12 Races To Watch On Election Day

Beyond control of Congress, individual House and Senate races – from Pennsylvania to Nevada – could be bellwethers of larger national trends.

Republicans are heavily favored to take control of the U.S. House of Representatives on Tuesday and in a strong position to take over the U.S. Senate as well.

But even with control of Congress at stake, the details matter. The outcomes of a handful of bellwether House races in Virginia could signal whether the evening is a bloodbath for Democrats, a modest defeat, or even a poll-defying overperformance for the party in the White House.

Other House races test individual candidates’ ability to defy their party’s brand in hostile territory, progressive contenders’ viability in swing seats, the extent of Republican inroads with Black and Latino voters, and the fate of House Democrats’ symbolically important campaign chair.

In the Senate, where the map is slightly better for Democrats, the loss of Democratic incumbents in Nevada, New Hampshire or Georgia narrows the path to preserve the party’s paper-thin majority in the chamber.

And in Pennsylvania, poll watchers are observing a war of candidate weaknesses. The outcome of the closely watched race hinges on whether Democrat John Fetterman’s stroke and progressive criminal justice record are more incriminating in the eyes of the state’s voters than Republican Mehmet Oz’s ties to former President Donald Trump and lack of roots in the state.

Here are 12 races we’re watching:

Three Bellwether House Races In Virginia

Rep. Elaine Luria (D-Va.) is locked in a tough reelection race.
Rep. Elaine Luria (D-Va.) is locked in a tough reelection race.
via Associated Press

If there’s one thing we can safely predict, it’s that we won’t know who won many races around the country on Tuesday night. Mail-in ballots, and rules barring them from being processed before Election Day, mean it could take until the end of the week to know the victor in key states like Pennsylvania and Arizona.

However, a trio of House races in Virginia could give a quick summary of how the election is shaping up. Virginia typically counts quickly, and its races are usually called fairly early.

In the Old Dominion, three Democrats are facing reelection bids of varying competitiveness. Rep. Elaine Luria, a moderate defense hawk who represents the Virginia Beach area, is battling GOP state Sen. Jen Kiggans. If Luria manages to pull off a victory, the night is likely going better than expected for Democrats.

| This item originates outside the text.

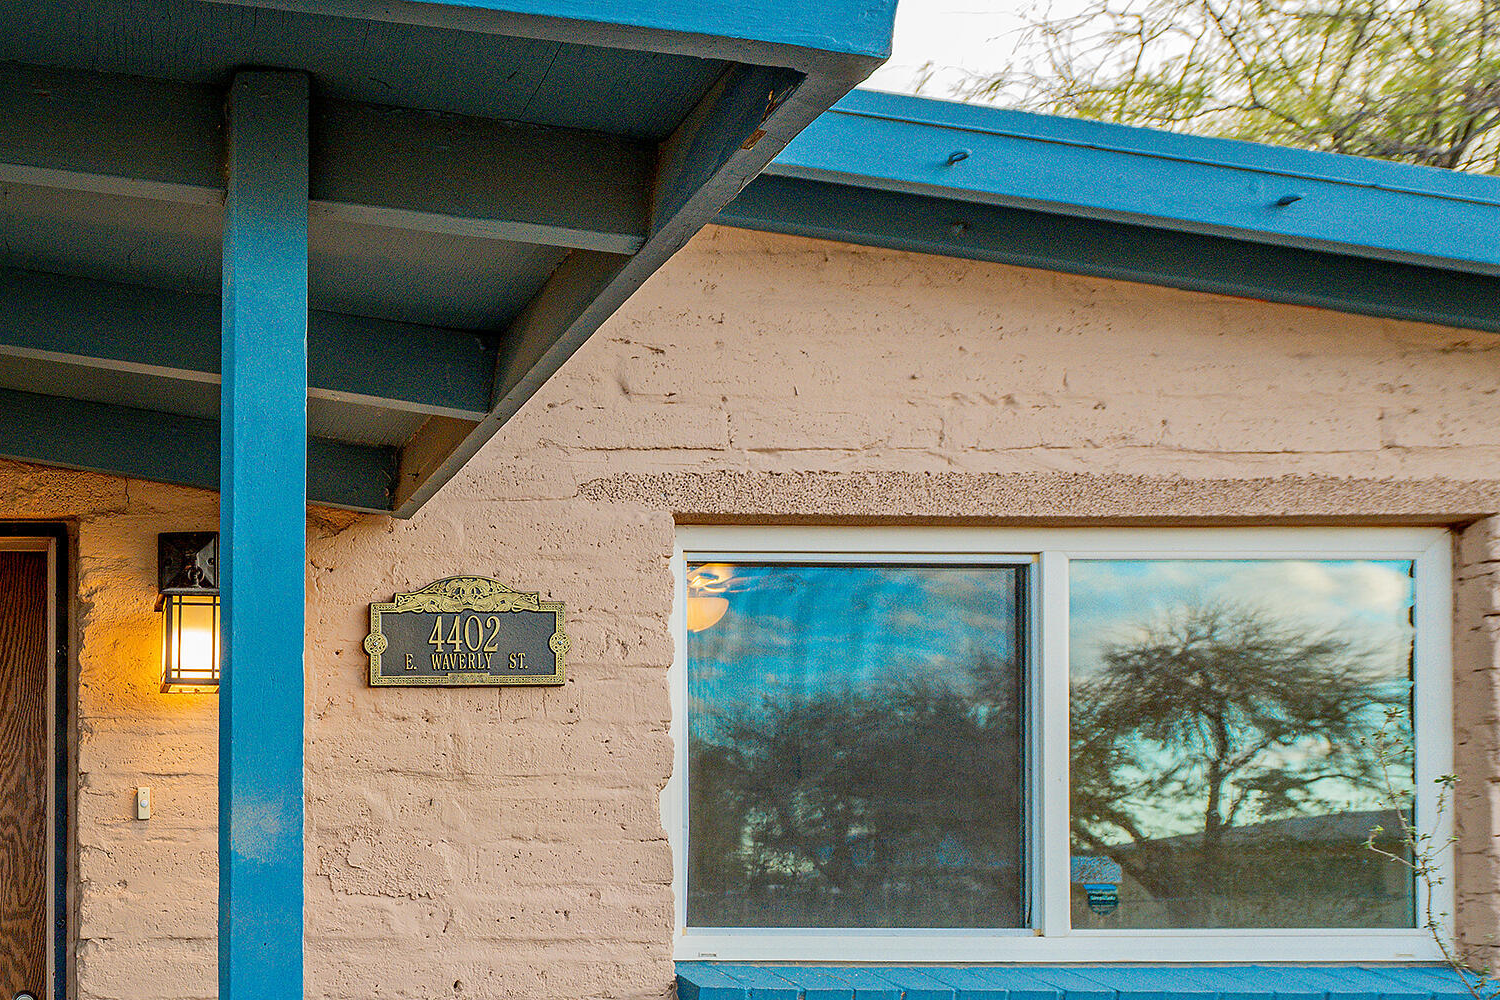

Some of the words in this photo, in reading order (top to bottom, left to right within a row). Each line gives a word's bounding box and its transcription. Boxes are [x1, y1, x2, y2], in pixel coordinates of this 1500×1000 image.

Rep. Abigail Spanberger, another moderate, represents a district stretching from the Washington, D.C., suburbs into more rural territory. Her opponent, Yesli Vega, has made costly gaffes on abortion and is generally considered too conservative for the district. If Spanberger loses, things are going slightly worse than anticipated for Democrats.

Finally, Rep. Jennifer Wexton, a mainstream liberal, represents a seat covering D.C.’s most college-educated suburbs. Biden won Wexton’s seat by nearly 20 percentage points two years ago. If she loses, Republicans are on track to replicate their wave victories of 2010 and 2014.

The Race To Represent Joe Biden’s Hometown

Rep. Matt Cartwright (D-Pa.) is fending off a challenge from Republican lobbyist Jim Bognet.
Rep. Matt Cartwright (D-Pa.) is fending off a challenge from Republican lobbyist Jim Bognet.
Aimee Dilger/SOPA Images/LightRocket via Getty Images

In Pennsylvania’s 8th Congressional District, Rep. Matt Cartwright, a progressive Democrat, is fending off a second challenge from Jim Bognet, a Republican political operative and lobbyist.

The overwhelmingly blue-collar and white seat in the northeastern corner of Pennsylvania is home to the city of Scranton, where President Joe Biden was born and spent his early childhood years. The seat also carries the distinction of being just one of two districts where an incumbent Democrat is defending a seat where Trump won twice. (Rep. Jared Golden of Maine represents the other.)

Cartwright, a personal injury lawyer by trade who now serves on the powerful House Appropriations Committee, has defied the rightward shift of his district by maintaining strong relationships with constituents, delivering federal resources, and occasionally bucking left-wing environmental orthodoxy.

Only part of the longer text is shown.